Eight-week-old female Wistar rats were randomly allotted into control, NO deficient (NG-nitro-L-arginine methyl ester: L-NAME; 20.0 mg/kg b.w.), COC-treated (1.0 μg ethinylestradiol + 5.0 μg levonorgestrel, p.o) and L-NAME+COC-treated groups. The animals were treated daily for 8 weeks. Blood pressure was estimated by tail-cuff plethysmography while insulin resistance (IR) was estimated by homeostatic model of assessment (HOMA-IR). Profibrotic (plasminogen activator inhibitor-1; PAI-1) and proinflammatory (C-reactive protein; CRP and uric acid) markers were estimated in the plasma. Cardiac histological examination was also done.

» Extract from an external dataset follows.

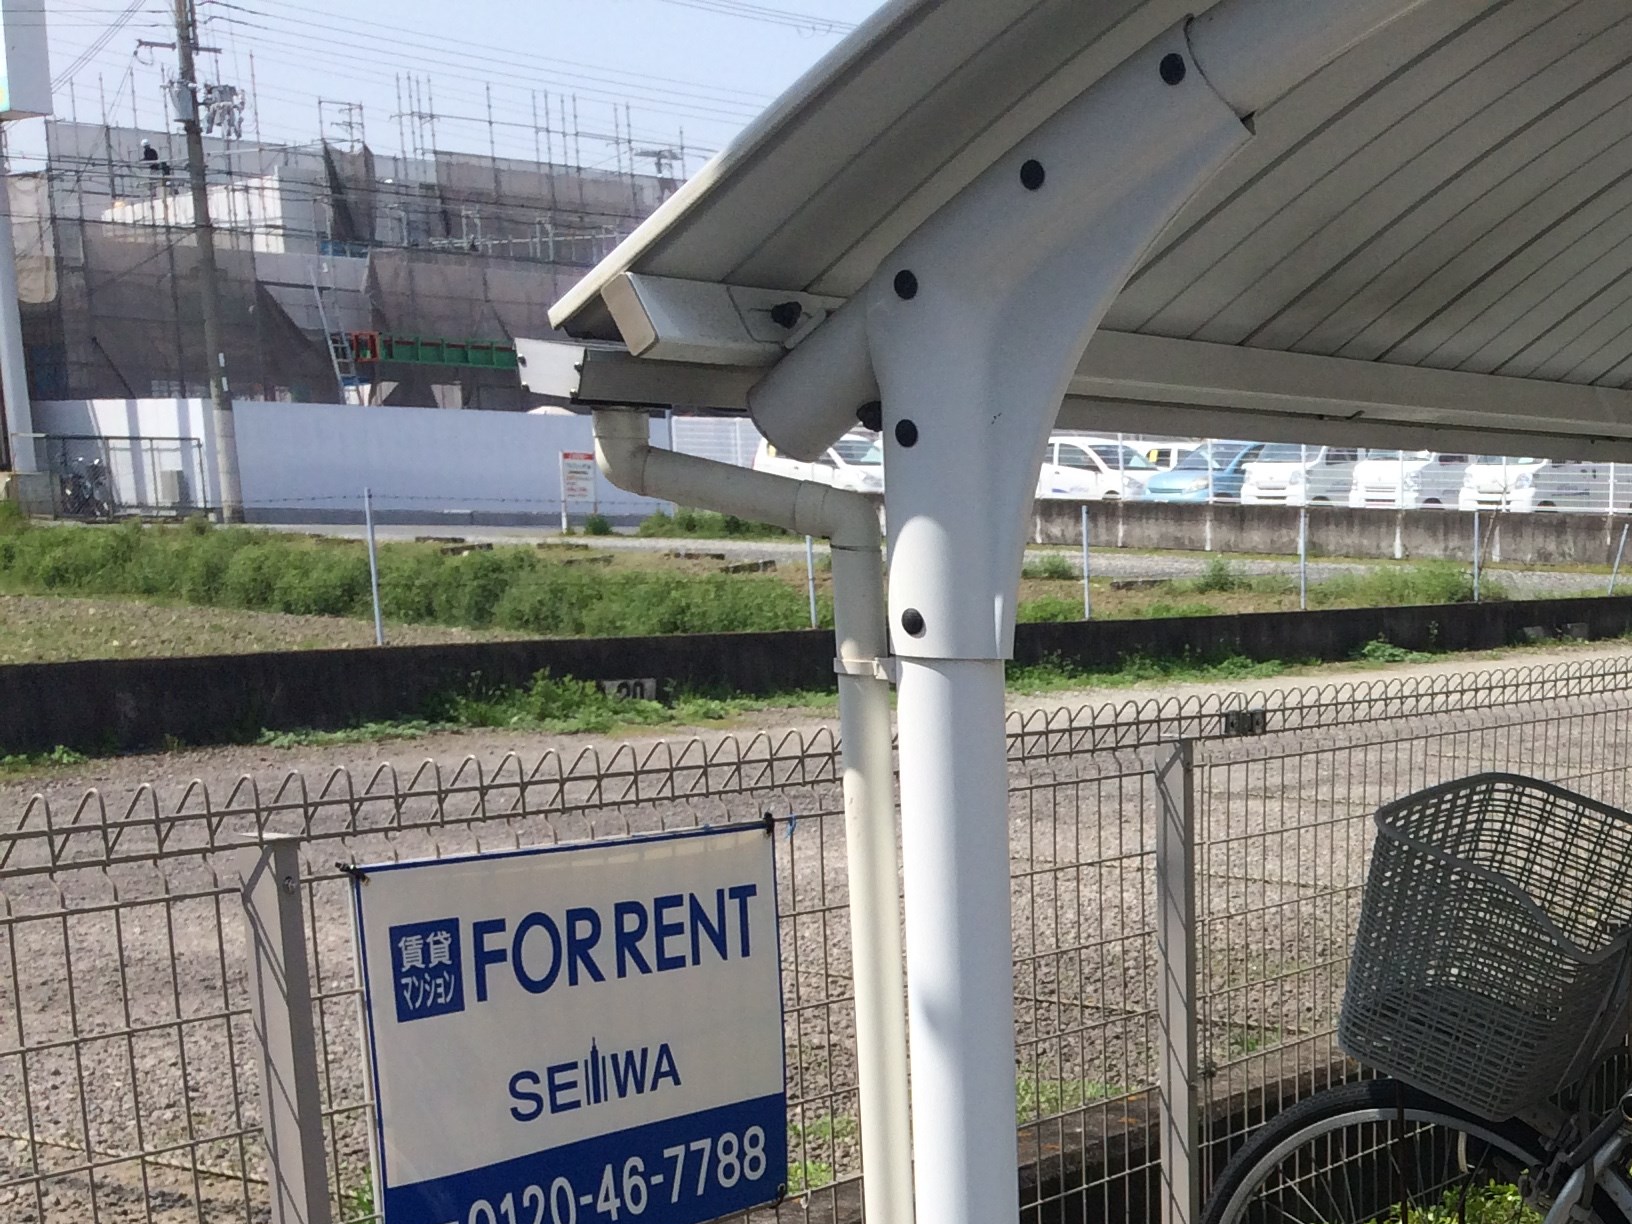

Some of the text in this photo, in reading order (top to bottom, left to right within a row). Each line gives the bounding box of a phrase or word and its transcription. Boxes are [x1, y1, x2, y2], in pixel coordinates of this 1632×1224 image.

[398, 930, 452, 972] 賃貸
[401, 970, 455, 1011] マンション
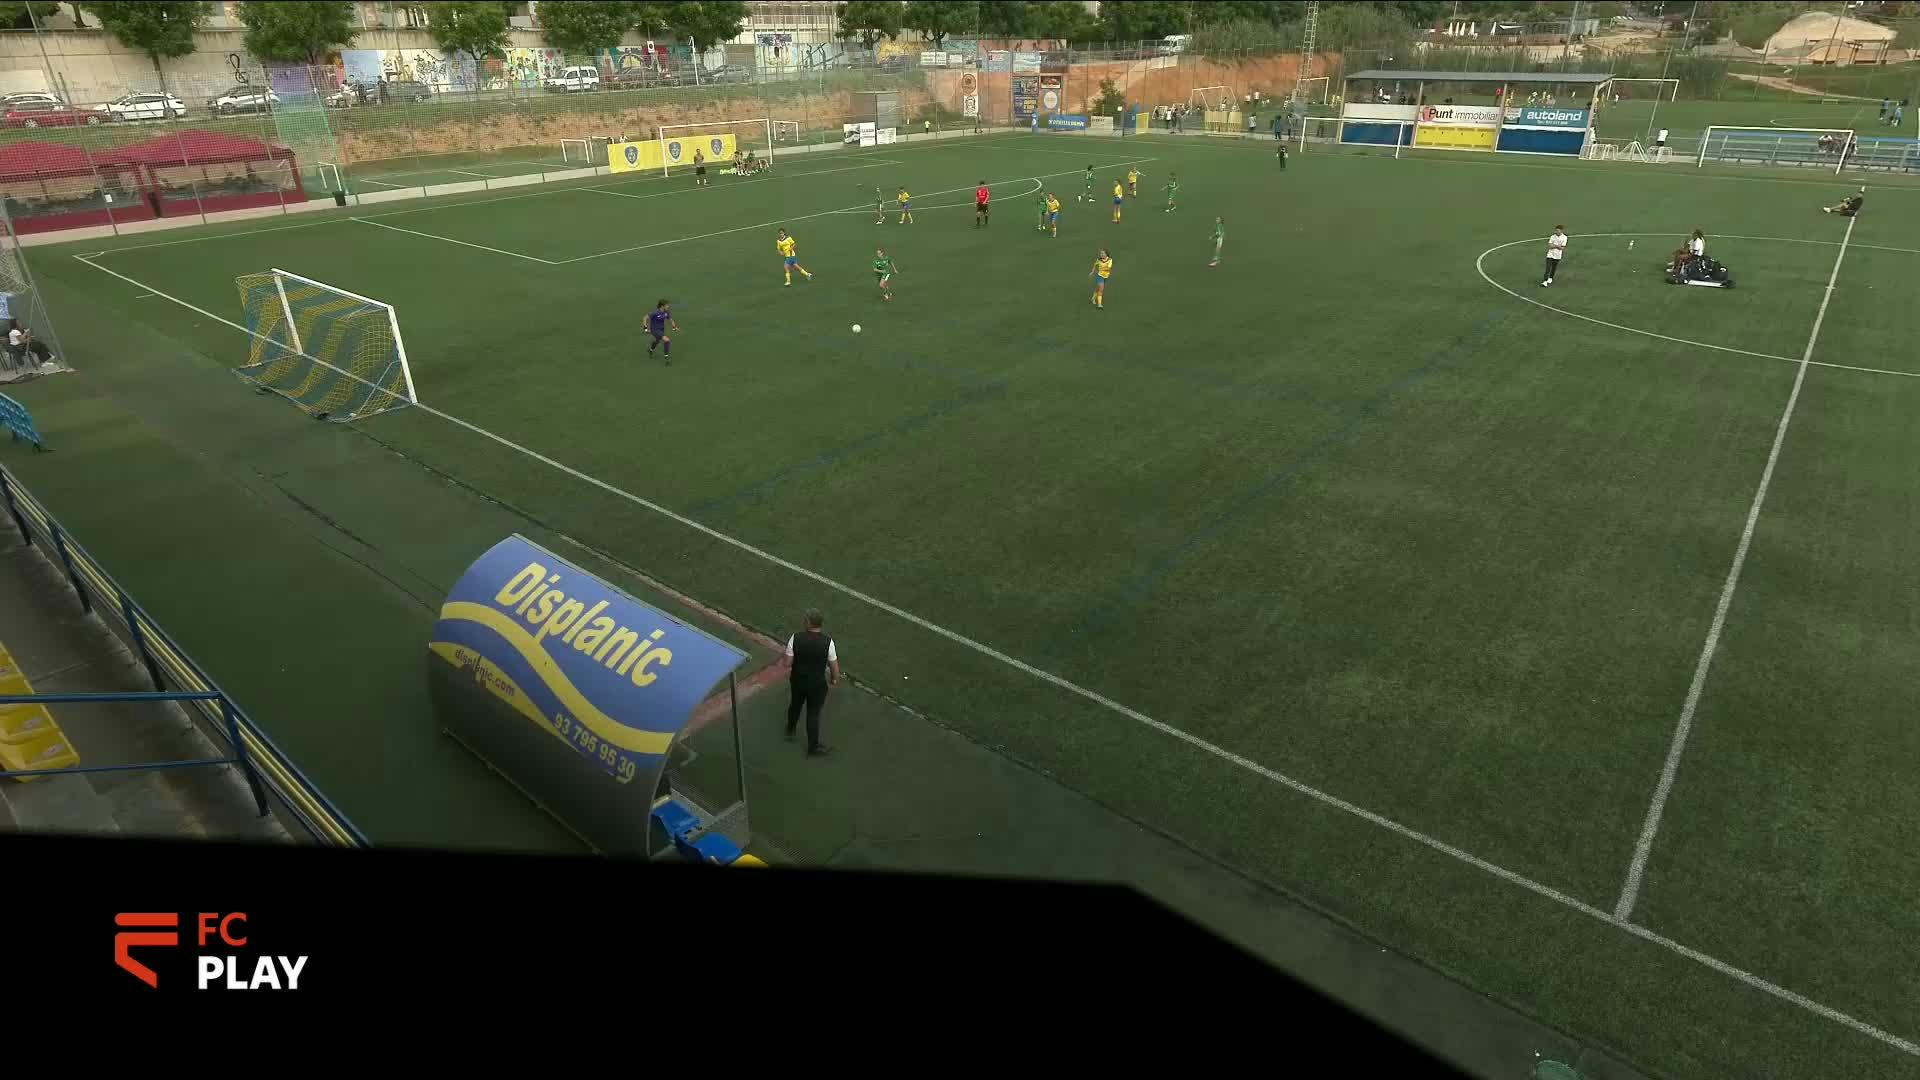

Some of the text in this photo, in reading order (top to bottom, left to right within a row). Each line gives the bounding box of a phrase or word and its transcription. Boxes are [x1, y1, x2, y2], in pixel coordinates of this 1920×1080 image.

Results show that COC or L-NAME treatments led to increased blood pressure, HOMA-IR, PAI-1, CRP and uric acid, without significant effect on heart weight. L-NAME+COC-treated group had significantly higher blood pressure, HOMA-IR, PAI-1, CRP and heart weight than COC- or L-NAME-treated groups. Histological examination validated that NO deficiency during COC use causes cardiac hypertrophy and fibrosis.


The present study demonstrates that COC treatment and NO deficiency synergistically causes cardiac hypertrophy which is associated with increased fibrosis and inflammation.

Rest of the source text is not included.